Un altro punto controverso è la notizia dei potenziali enormi giacimenti petroliferi. Sebbene il divieto vigente blocchi le trivellazioni vere e proprie, la sola consapevolezza dell’entità delle ricchezze potenziali inasprisce il tono del dibattito diplomatico. Gli Stati calcolano che, qualora un giorno le normative cambiassero, i loro interessi siano adeguatamente tutelati.
Gli scienziati del British Antarctic Survey avvertono che qualsiasi estrazione sarebbe una catastrofe per l’ecosistema locale. Le piattaforme di ghiaccio sono fragili e sensibili alle vibrazioni e all’inquinamento chimico derivante dalle trivellazioni petrolifere.
Turismo: l’Antartide nelle brochure delle agenzie di viaggio
Un capitolo a parte merita il turismo. Nonostante le narrazioni sui divieti, l’Antartide rimane una destinazione sempre più ambita dai viaggiatori benestanti in cerca dell'”ultimo vero confine del mondo”. Crociere in nave, voli charter e brevi spedizioni terrestri funzionano a pieno regime.
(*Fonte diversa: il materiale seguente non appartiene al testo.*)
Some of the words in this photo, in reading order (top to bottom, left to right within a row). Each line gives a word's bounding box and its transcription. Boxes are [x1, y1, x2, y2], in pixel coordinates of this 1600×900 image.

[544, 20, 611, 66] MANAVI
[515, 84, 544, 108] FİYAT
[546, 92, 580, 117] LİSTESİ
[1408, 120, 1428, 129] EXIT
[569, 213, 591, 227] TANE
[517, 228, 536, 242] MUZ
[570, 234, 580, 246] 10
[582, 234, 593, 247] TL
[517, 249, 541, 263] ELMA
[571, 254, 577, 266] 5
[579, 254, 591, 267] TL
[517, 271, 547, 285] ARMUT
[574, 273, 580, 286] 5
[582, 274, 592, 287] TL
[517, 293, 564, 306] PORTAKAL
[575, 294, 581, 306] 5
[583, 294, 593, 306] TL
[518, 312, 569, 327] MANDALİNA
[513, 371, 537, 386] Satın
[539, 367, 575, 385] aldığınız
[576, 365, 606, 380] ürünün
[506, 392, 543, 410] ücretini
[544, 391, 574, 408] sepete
Nella stagione 2024/2025, oltre 118.000 persone hanno visitato l’Antartide — tra partecipanti a crociere, turisti sbarcati a terra e passeggeri in sorvolo. Le attività turistiche sono soggette alle stesse norme ambientali delle missioni scientifiche.
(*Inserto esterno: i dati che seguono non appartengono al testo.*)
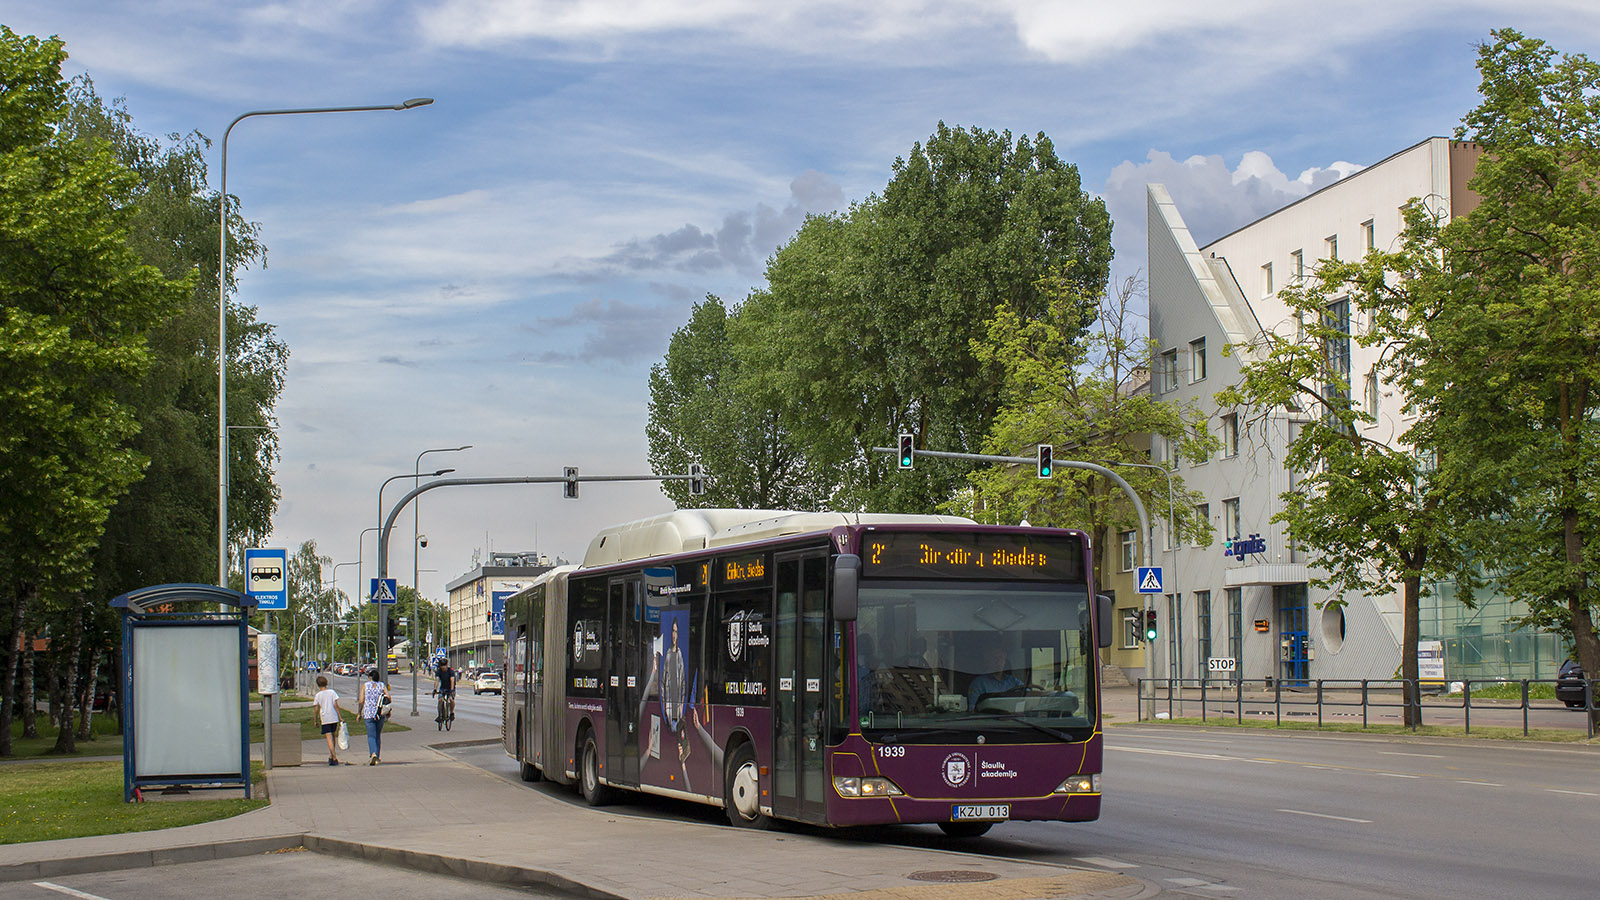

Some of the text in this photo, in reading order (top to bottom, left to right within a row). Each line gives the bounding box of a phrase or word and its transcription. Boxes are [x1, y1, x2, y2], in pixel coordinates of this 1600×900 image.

[1233, 534, 1266, 561] ignitis
[1209, 659, 1235, 669] STOP
[740, 679, 763, 695] UŽAUGTI
[878, 746, 905, 758] 1939
[981, 770, 1017, 779] akademija
[960, 807, 1008, 817] KZU 013
Gli organizzatori devono effettuare valutazioni dell’impatto ambientale, definire i limiti di persone durante gli sbarchi, formare equipaggi e passeggeri sulle norme di sicurezza e protezione della natura. Sul posto vige una serie di restrizioni: dal divieto di raccogliere reperti naturali ai percorsi segnalati per proteggere muschi e licheni.
Sul settore vigila anche un’organizzazione che riunisce gli operatori turistici, la quale ogni anno presenta agli Stati firmatari del Trattato un rapporto dettagliato sui flussi di visitatori. I numeri crescono e con essi si intensifica il dibattito su come conciliare la curiosità umana con la responsabilità verso un luogo il cui ecosistema è estremamente vulnerabile.
Le crociere di lusso a bordo di navi come la MS Roald Amundsen o le spedizioni in piccoli gruppi offrono l’avvistamento di colonie di pinguini imperatore, pinguini di Adelia, elefanti marini e capodogli. I prezzi variano dai 10.000 ai 50.000 dollari a persona, a seconda della durata e del livello di comfort.
Tra controllo e apertura: quale futuro per il continente meridionale
In pratica, l’Antartide rimane un’area in cui ogni passo significativo deve essere giustificato e coordinato a livello internazionale. Questo rappresenta una barriera importante contro le iniziative irresponsabili, ma non un muro che separa l’intera umanità dal continente di ghiaccio. Da un lato si introducono nuove misure riguardanti navi, rifiuti e inquinamento acustico. Dall’altro si costruiscono e ammodernano nuove stazioni di ricerca e il numero di progetti scientifici non diminuisce.
Per una persona comune è facile perdersi in questo groviglio di sigle, commissioni e protocolli. Il risultato è un messaggio semplice: “hanno vietato l’ingresso”. La situazione reale è però molto più sfumata. L’Antartide non è diventata una zona zero per l’umanità, ma un luogo in cui ogni attività deve avere un senso, una portata limitata e un’impronta ecologica minima.
Gli scienziati dell’Università di Cambridge studiano carote di ghiaccio vecchie oltre un milione di anni, che rivelano la storia climatica del nostro pianeta. Gli astronomi sono attratti dall’atmosfera limpidissima, ideale per i telescopi. I biologi esaminano batteri capaci di sopravvivere in condizioni simili a quelle di Marte.
Per questo vale la pena guardare con occhio critico ai post virali che promettono di “svelare la verità proibita sull’Antartide”. Sì, il continente è gelosamente custodito dall’avidità e dalla superficialità. Accoglie però ancora scienziati, spedizioni specializzate e, in un regime strettamente controllato, anche turisti. La storia vera di questo luogo è molto più interessante della più semplice teoria su un blocco totale dell’accesso.